## Action item
Where the data below contains pictures, omit them; output the rest word for word.

## Dataset entries
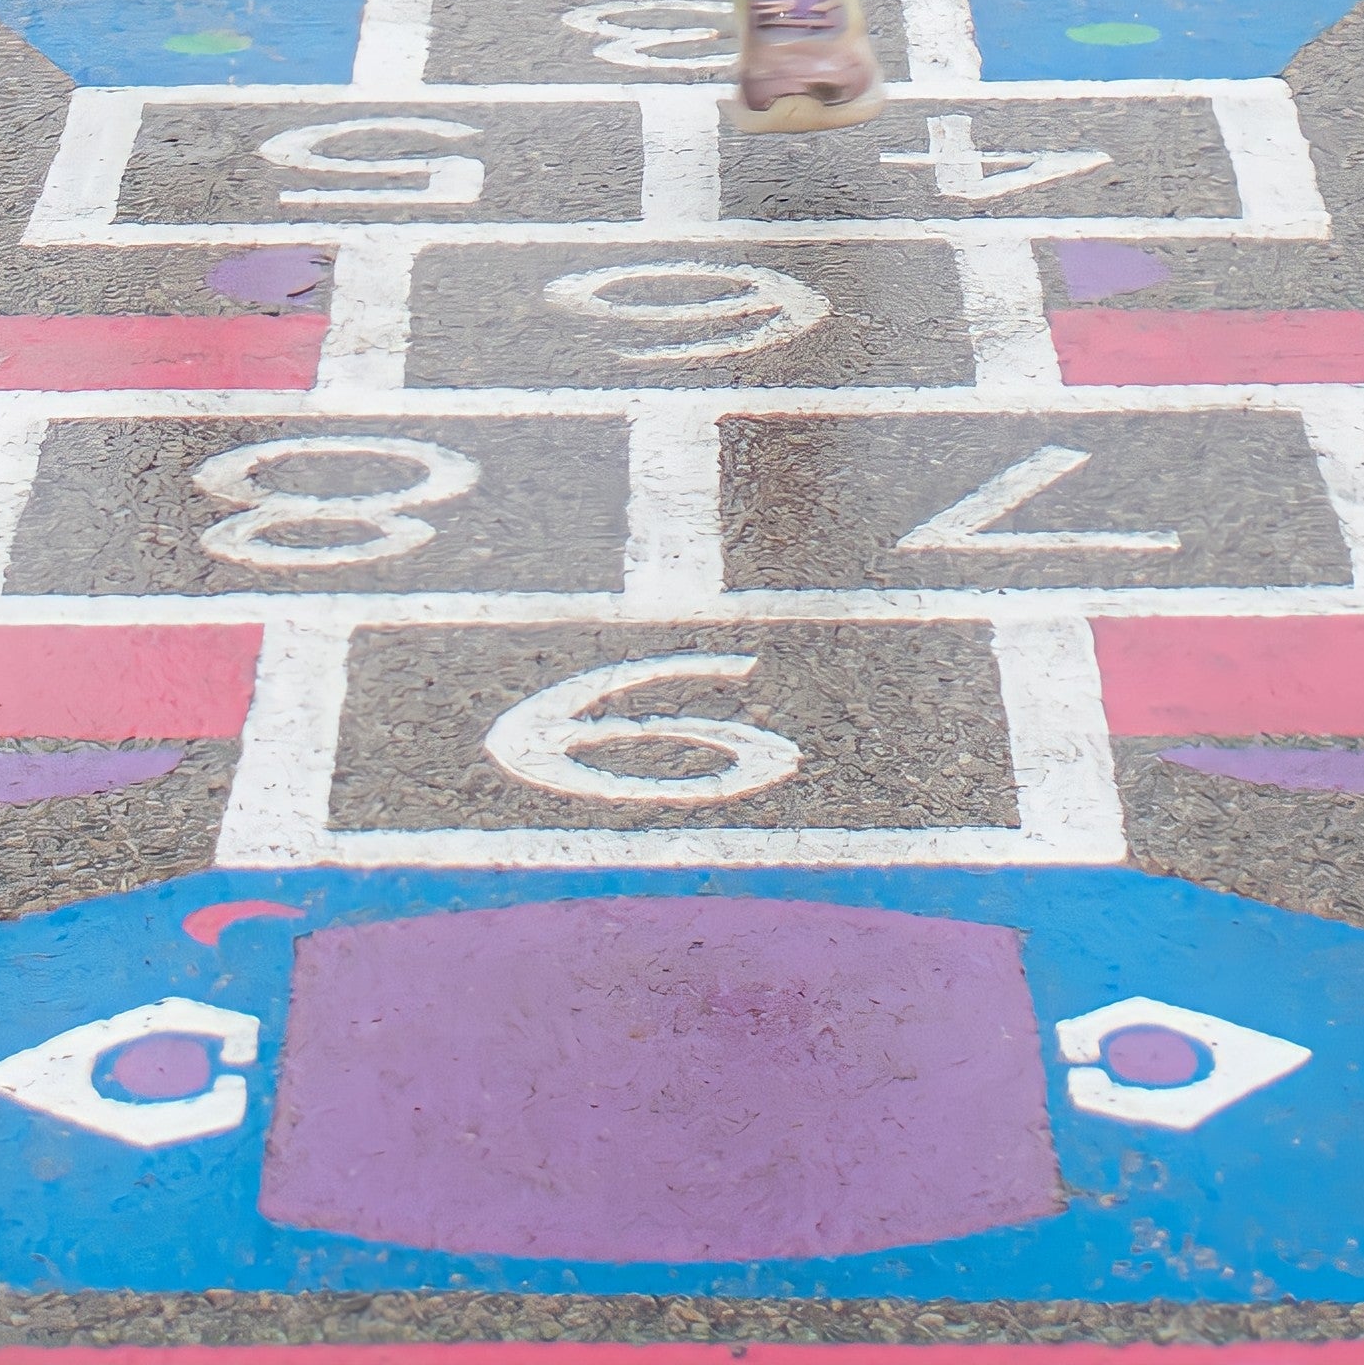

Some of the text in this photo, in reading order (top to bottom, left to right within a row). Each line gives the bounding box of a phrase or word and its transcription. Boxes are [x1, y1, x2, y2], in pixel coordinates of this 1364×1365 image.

[559, 0, 742, 70] 3
[257, 116, 486, 205] 5
[879, 115, 1114, 202] 4
[542, 260, 832, 361] 6
[190, 434, 482, 568] 8
[894, 444, 1182, 552] 7
[484, 652, 803, 803] 9

## Answer to this exercise
Some of the text in this photo, in reading order (top to bottom, left to right within a row). Each line gives the bounding box of a phrase or word and its transcription. Boxes are [x1, y1, x2, y2], in pixel coordinates of this 1364×1365 image.

[559, 0, 742, 70] 3
[257, 116, 486, 205] 5
[879, 115, 1114, 202] 4
[542, 260, 832, 361] 6
[190, 434, 482, 568] 8
[894, 444, 1182, 552] 7
[484, 652, 803, 803] 9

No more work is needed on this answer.